In this example, you generate an oversampled WiFi-8 ultra high reliability (UHR) multi-user (MU) or trigger-based (TB) waveform, as defined in IEEE P802.11bn/D1.0 [1]. You can introduce in-band distortion and spectral regrowth by using a high-power amplifier (HPA) model. You then perform the transmitter modulation accuracy and required spectral mask on the waveform for the measurement configuration specified in Section 38.3.25 of [1].

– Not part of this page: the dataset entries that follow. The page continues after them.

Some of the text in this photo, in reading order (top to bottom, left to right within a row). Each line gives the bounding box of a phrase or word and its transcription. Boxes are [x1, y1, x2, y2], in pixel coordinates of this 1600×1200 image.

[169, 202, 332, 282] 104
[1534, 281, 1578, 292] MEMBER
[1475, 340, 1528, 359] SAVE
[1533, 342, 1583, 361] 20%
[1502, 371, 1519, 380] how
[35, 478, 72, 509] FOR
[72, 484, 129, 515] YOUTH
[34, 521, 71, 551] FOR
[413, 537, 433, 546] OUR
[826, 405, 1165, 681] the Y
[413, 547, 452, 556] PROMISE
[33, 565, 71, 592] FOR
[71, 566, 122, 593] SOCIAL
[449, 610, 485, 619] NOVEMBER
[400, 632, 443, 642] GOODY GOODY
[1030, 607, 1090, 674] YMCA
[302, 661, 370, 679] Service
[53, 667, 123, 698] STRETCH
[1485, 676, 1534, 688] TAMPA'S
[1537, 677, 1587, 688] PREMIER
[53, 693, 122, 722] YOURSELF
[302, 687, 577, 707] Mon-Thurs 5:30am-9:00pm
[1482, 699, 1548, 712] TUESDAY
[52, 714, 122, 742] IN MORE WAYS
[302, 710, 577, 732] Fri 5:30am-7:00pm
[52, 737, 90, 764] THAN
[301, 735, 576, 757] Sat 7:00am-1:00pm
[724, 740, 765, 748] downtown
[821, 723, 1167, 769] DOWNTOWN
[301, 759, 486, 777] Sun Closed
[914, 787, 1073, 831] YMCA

For each user, the example decodes the UHR-Data field and measures the error vector magnitude (EVM) to determine the modulation accuracy after downsampling the waveform to baseband sampling rate. This diagram shows the example workflow.

The diagram shows the Transmitter Model and Transmitter Measurements processes. In the Transmitter Model, you generate an upsampled baseband waveform and send it through the HPA Model. You then downsample the upsampled waveform to baseband and perform modulation accuracy measurement using the waveform. You can also measure the spectral emission mask.

Simulation Setup

Configure the example to generate two UHR packets with a 10 microsecond idle period between each packet.

numPackets = 2;
idleTime   = 10;

Waveform Configuration and Generation

This example supports generation of UHR MU and UHR TB packet formats. For more information about the parameterization and generation of IEEE 802.11bn UHR MU and UHR TB waveforms, see the Wi-Fi 8 Waveform Generation example.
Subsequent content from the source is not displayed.